O período entre o início dos sintomas das DII e o diagnóstico foi menor que 1
ano em 72,5% dos pacientes. Apenas um enfermo com DC nunca havia tido
complicação e 51,6% daqueles com DC já tinham apresentado mais de três
complicações (Figura_1).
As manifestações extra-intestinais que os pacientes com DII já haviam
apresentado em algum momento da evolução de sua doença estão descritas na
Figura_2.
Constatou-se que 69,8% dos pacientes não tinham outras doenças associadas às
DII. A enfermidade mais freqüentemente associada com a DC foi a hipertensão
arterial sistêmica (12,9%), enquanto na RCUI observou-se associação com
hepatopatias (dois casos de colangite esclerosante primária, um de hepatopatia
crônica em investigação e um de esquistossomose).

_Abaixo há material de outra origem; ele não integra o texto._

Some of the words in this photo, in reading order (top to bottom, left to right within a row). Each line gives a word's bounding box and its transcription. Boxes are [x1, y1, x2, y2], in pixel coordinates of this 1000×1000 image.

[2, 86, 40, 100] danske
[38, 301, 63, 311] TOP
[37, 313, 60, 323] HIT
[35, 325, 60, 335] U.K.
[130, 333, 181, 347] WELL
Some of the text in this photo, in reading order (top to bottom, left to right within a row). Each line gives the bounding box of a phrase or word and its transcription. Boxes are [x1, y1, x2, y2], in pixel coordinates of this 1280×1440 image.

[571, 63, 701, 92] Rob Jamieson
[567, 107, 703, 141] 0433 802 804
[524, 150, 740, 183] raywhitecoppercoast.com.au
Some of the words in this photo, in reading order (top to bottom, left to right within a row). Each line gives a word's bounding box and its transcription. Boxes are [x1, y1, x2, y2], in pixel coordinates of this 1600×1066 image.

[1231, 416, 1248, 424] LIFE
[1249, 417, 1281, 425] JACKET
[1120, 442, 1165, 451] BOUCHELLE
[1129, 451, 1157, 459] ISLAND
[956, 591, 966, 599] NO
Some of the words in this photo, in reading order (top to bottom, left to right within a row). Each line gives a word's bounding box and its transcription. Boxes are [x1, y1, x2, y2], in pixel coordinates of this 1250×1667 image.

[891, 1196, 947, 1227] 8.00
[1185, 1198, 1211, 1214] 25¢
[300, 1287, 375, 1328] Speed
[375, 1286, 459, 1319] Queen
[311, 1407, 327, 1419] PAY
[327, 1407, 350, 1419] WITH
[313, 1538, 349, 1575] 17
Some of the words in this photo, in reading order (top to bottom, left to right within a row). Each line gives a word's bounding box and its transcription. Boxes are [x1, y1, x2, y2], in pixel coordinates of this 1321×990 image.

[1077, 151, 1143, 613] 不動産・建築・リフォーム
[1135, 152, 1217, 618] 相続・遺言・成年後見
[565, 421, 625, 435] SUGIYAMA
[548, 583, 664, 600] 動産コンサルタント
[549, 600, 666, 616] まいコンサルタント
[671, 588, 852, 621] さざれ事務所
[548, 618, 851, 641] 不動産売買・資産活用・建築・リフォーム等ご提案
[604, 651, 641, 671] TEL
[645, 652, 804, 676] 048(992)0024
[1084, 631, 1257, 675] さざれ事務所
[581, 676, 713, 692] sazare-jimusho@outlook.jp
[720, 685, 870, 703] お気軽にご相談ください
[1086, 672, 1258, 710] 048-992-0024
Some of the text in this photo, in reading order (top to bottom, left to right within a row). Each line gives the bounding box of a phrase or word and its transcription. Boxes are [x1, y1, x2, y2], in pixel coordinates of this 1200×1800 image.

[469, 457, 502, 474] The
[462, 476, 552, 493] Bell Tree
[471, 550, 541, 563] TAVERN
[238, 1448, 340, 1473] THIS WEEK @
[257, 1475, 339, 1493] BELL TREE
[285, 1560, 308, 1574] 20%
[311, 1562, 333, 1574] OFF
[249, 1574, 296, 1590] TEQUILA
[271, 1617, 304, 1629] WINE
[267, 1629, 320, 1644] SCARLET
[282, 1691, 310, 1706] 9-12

Alguns pacientes avaliados já haviam sido submetidos a cirurgias devido às DII,
especialmente aqueles com DC (44,2%), enquanto na RCUI apenas um (10%) havia
sido operado antes da internação (hemorroidectomia).
Em relação às cirurgias realizadas durante a hospitalização, a mais freqüente
foi a ressecção intestinal na DC (nove pacientes), seguida da fistulectomia
(dois). Na RCUI, a cirurgia mais freqüente foi a colectomia total (dois).
O corticóide foi o medicamento mais utilizado antes (67,7% dos pacientes com DC
e 60% daqueles com RCUI) e durante a internação (80,6% dos enfermos com DC e
90% daqueles com RCUI), sendo que 51,6% dos pacientes com DC e 30% daqueles com
RCUI faziam uso de corticóide por um período maior do que 6 meses.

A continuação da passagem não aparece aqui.